Make a verbatim copy of the records; pictures stay out.

AVAILABLE DATA:
++++
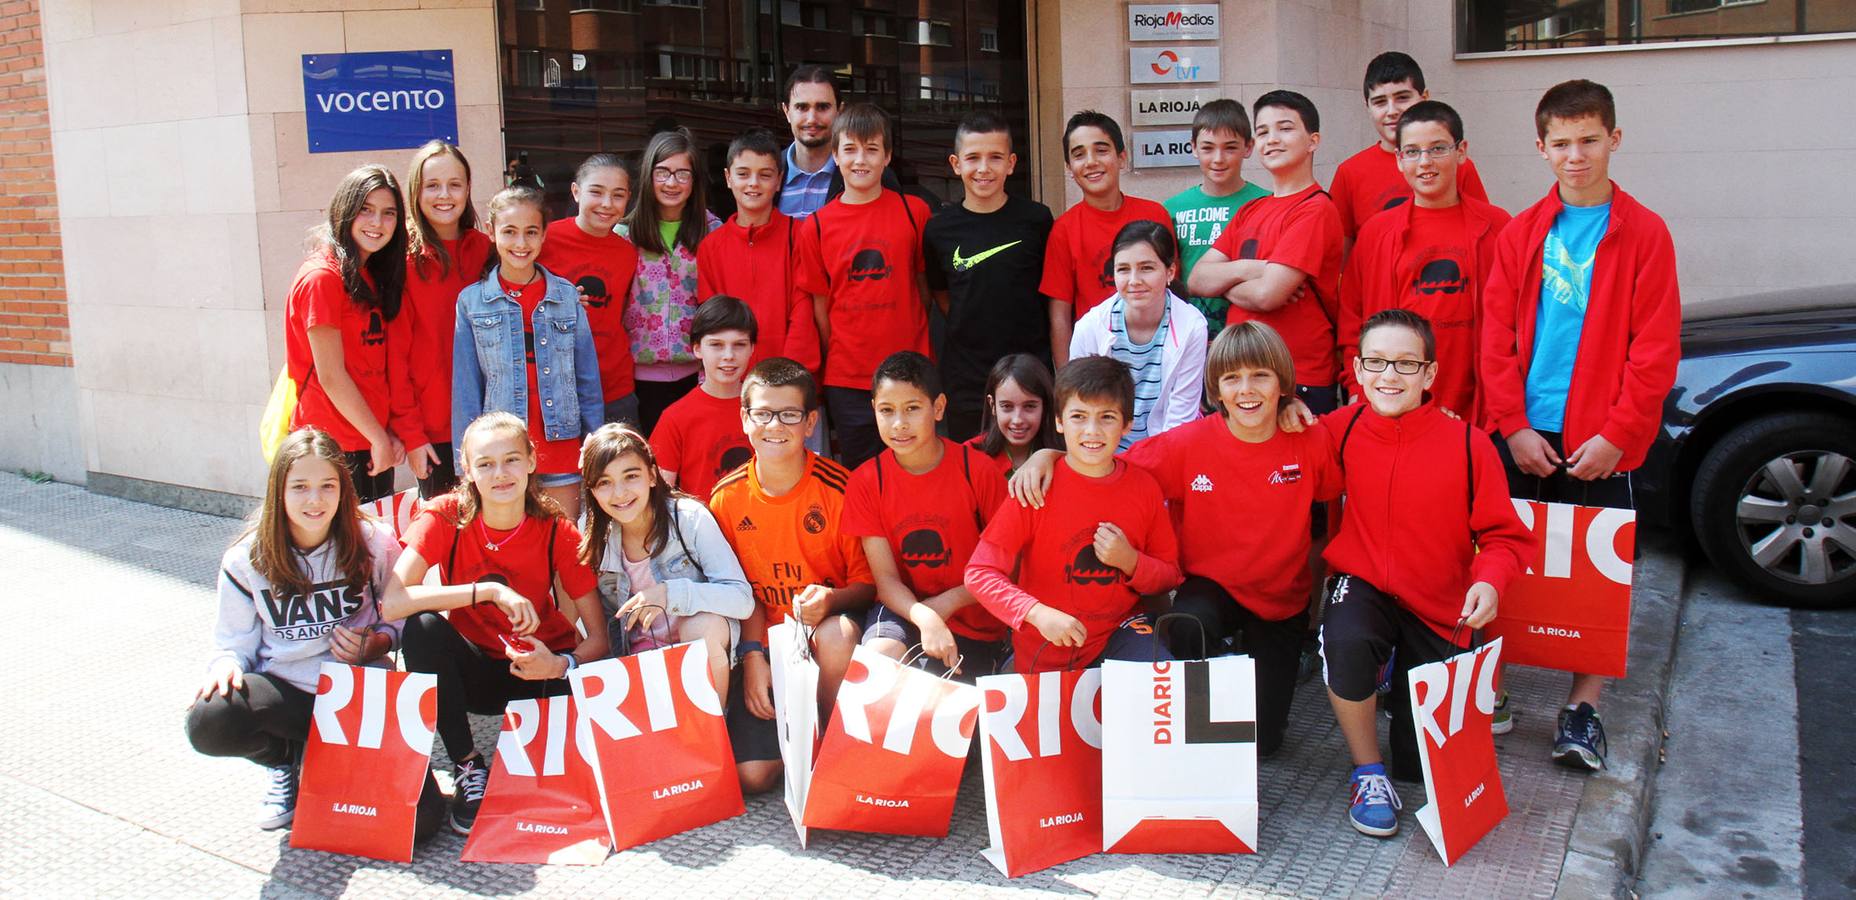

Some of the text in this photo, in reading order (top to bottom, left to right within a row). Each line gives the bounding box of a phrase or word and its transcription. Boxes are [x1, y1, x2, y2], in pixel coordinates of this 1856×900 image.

[1134, 11, 1214, 30] RiojaMedios
[1175, 63, 1200, 80] tvr
[316, 89, 444, 113] vocento
[1139, 101, 1200, 113] LA RIOJA
[1144, 143, 1164, 156] LA
[1175, 206, 1230, 224] WELCOME
[1176, 223, 1188, 239] TO
[773, 562, 802, 582] Fly
[260, 584, 364, 628] VANS
[1530, 625, 1546, 635] LA
[1547, 627, 1581, 639] RIOJA
[655, 788, 671, 799] LA
[670, 780, 704, 796] RIOJA
[858, 795, 874, 805] LA
[875, 798, 909, 808] RIOJA
[335, 803, 348, 813] LA
[348, 804, 377, 817] RIOJA
[1042, 817, 1055, 828] LA
[1055, 812, 1084, 826] RIOJA
[518, 822, 534, 833] LA
[534, 824, 569, 835] RIOJA
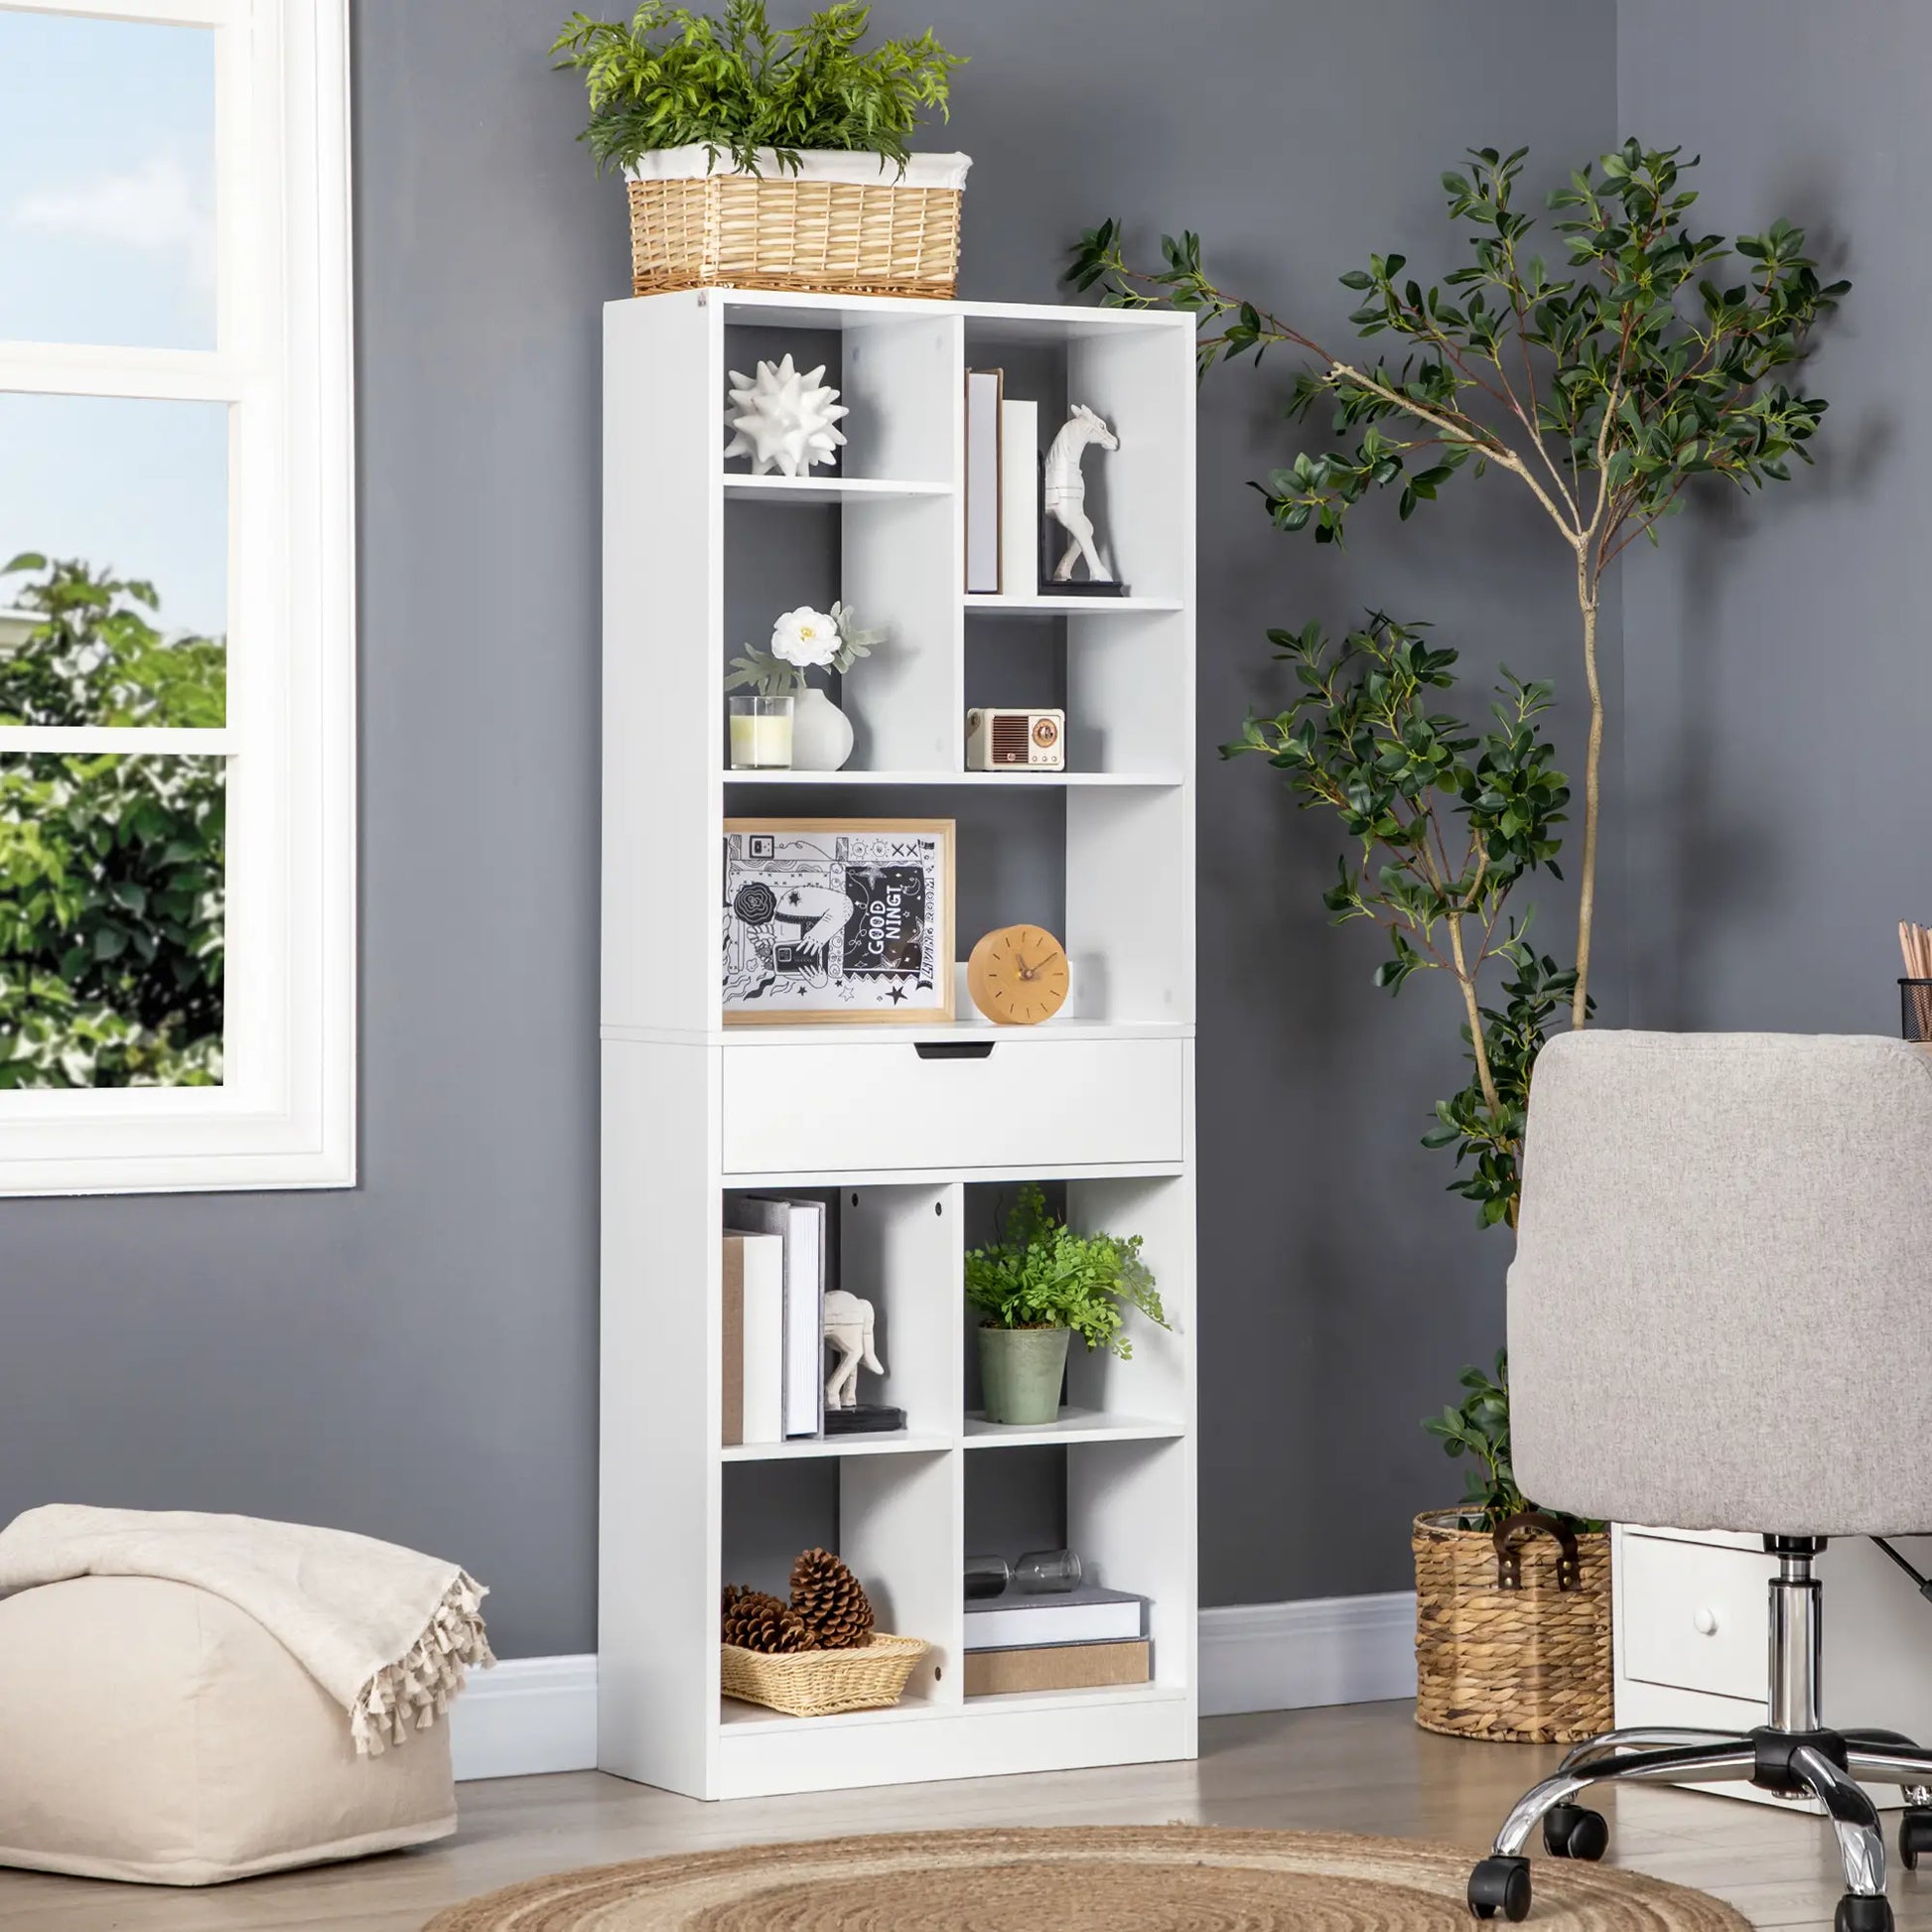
++++
RESULT FOR THIS TASK:
Some of the text in this photo, in reading order (top to bottom, left to right within a row). Each line gives the bounding box of a phrase or word and its transcription. Boxes are [x1, y1, x2, y2], in pixel coordinates of this 1856×900 image.

[1134, 11, 1214, 30] RiojaMedios
[1175, 63, 1200, 80] tvr
[316, 89, 444, 113] vocento
[1139, 101, 1200, 113] LA RIOJA
[1144, 143, 1164, 156] LA
[1175, 206, 1230, 224] WELCOME
[1176, 223, 1188, 239] TO
[773, 562, 802, 582] Fly
[260, 584, 364, 628] VANS
[1530, 625, 1546, 635] LA
[1547, 627, 1581, 639] RIOJA
[655, 788, 671, 799] LA
[670, 780, 704, 796] RIOJA
[858, 795, 874, 805] LA
[875, 798, 909, 808] RIOJA
[335, 803, 348, 813] LA
[348, 804, 377, 817] RIOJA
[1042, 817, 1055, 828] LA
[1055, 812, 1084, 826] RIOJA
[518, 822, 534, 833] LA
[534, 824, 569, 835] RIOJA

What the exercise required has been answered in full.